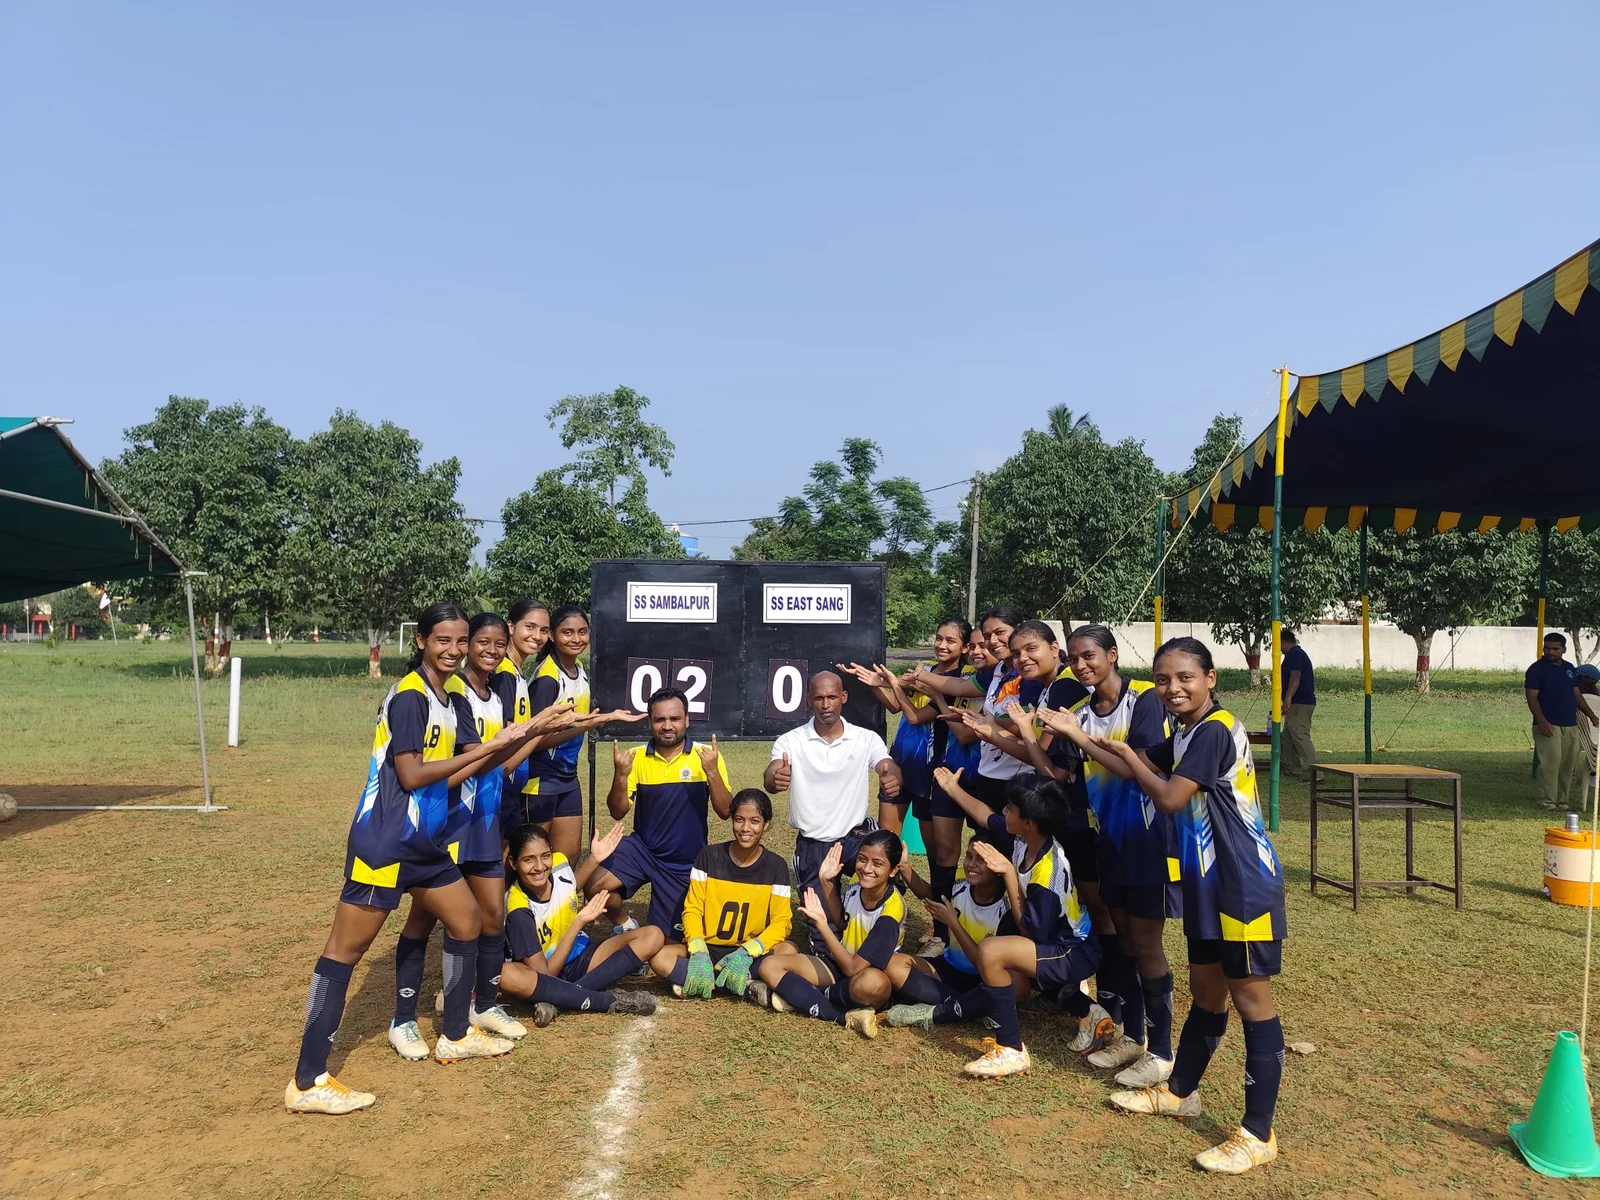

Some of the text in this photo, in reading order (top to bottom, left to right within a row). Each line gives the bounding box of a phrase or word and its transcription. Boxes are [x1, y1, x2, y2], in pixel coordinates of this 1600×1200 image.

[634, 595, 710, 610] SS SAMBALPUR
[771, 596, 844, 611] SS EAST SANG
[772, 665, 803, 713] 0
[716, 901, 750, 942] 01
[538, 922, 553, 944] 14
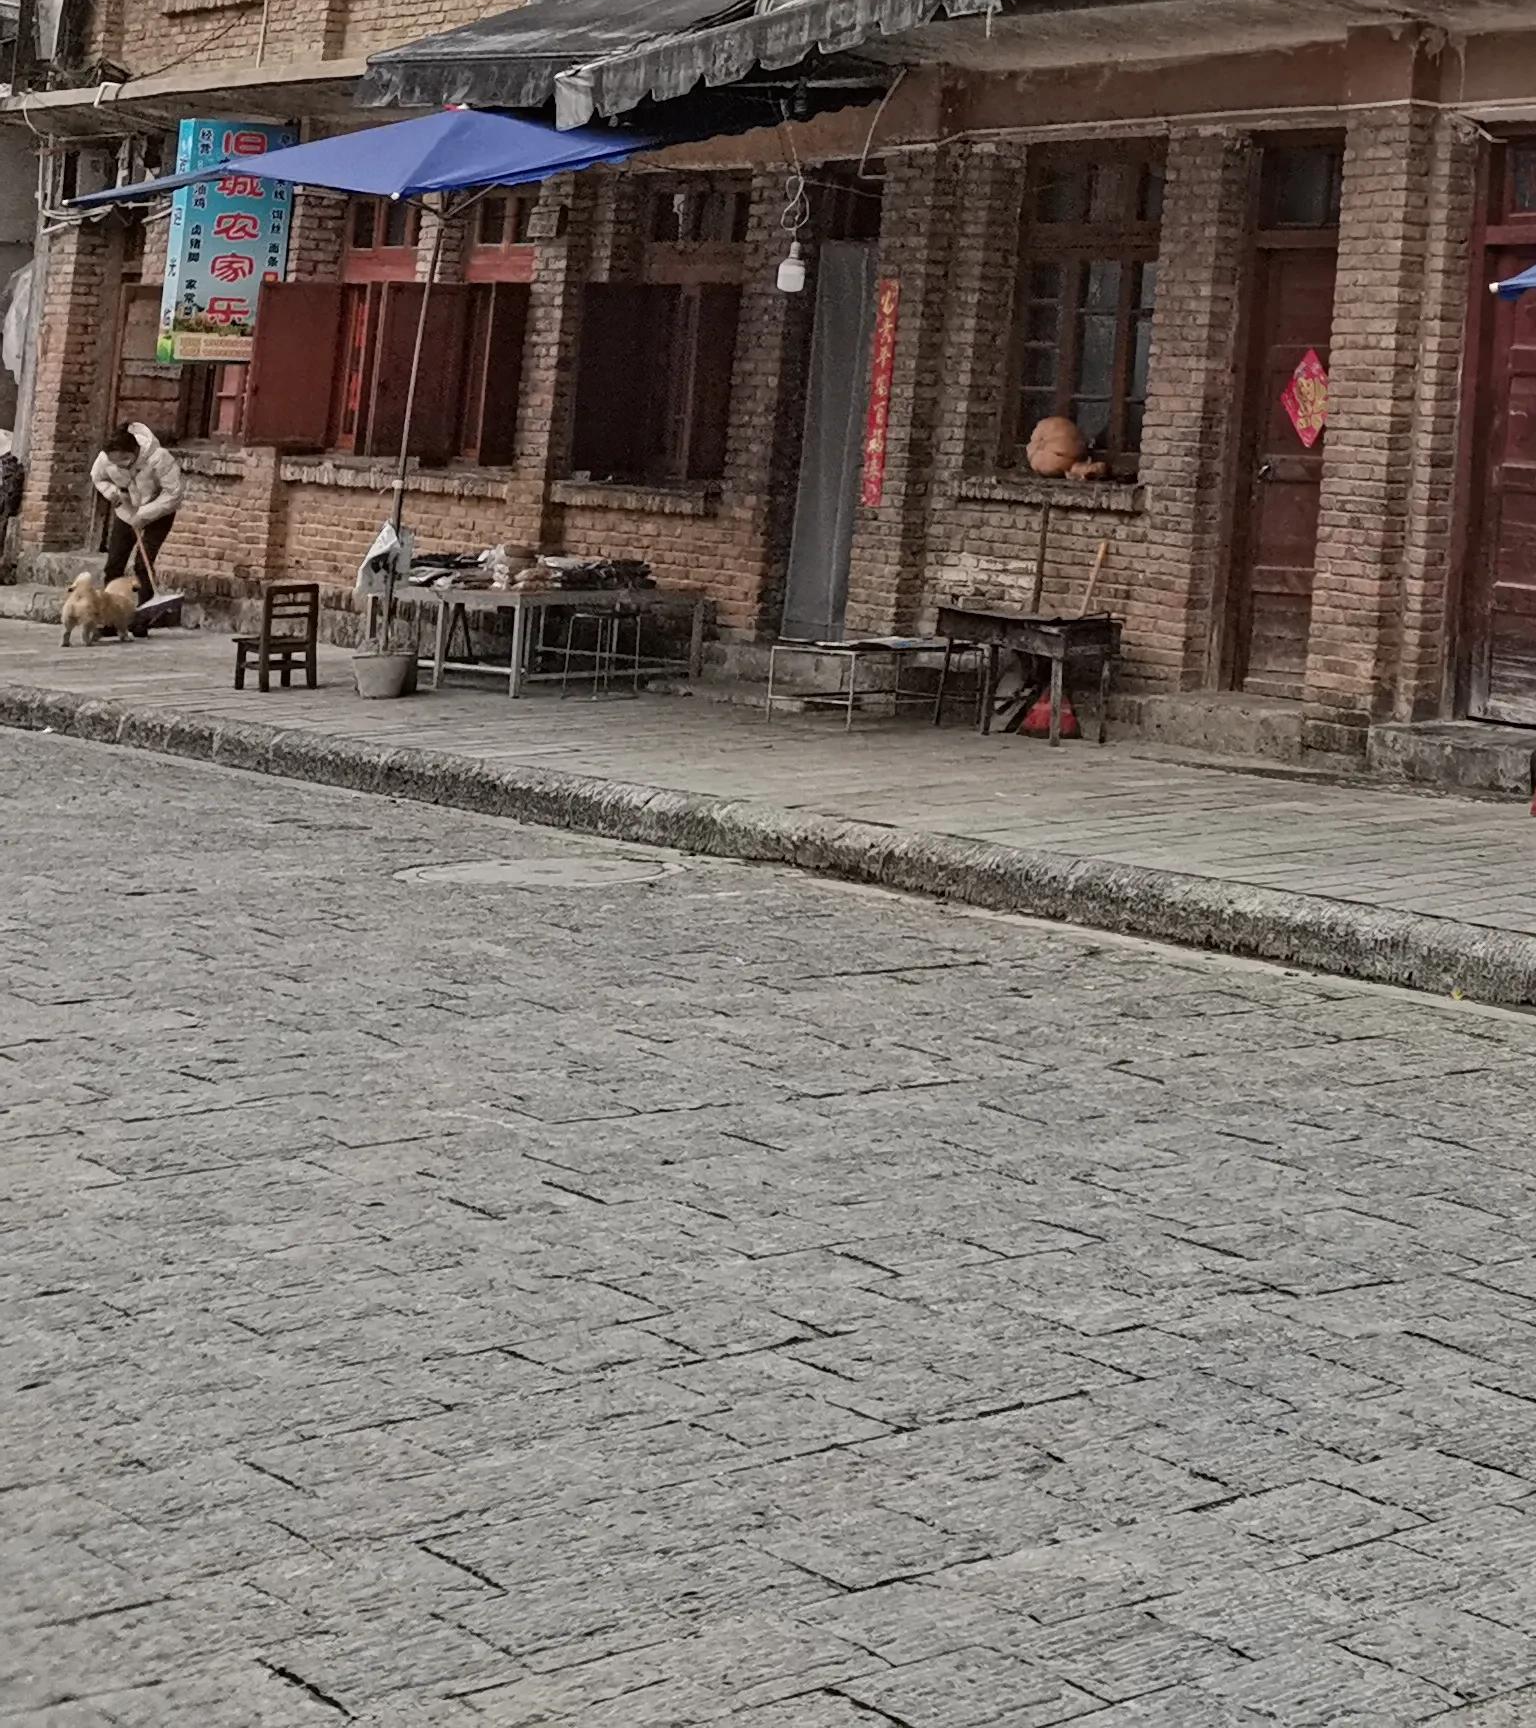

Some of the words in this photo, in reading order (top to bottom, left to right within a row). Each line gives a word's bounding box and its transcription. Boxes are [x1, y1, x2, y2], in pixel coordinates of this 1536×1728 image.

[205, 130, 268, 326] 旧城农家乐

▶ [Required work]:
Print exactly the lines between the line with "Some of the words" and the final line of the records above, both included.

▶ [Written response]:
Some of the words in this photo, in reading order (top to bottom, left to right within a row). Each line gives a word's bounding box and its transcription. Boxes are [x1, y1, x2, y2], in pixel coordinates of this 1536×1728 image.

[205, 130, 268, 326] 旧城农家乐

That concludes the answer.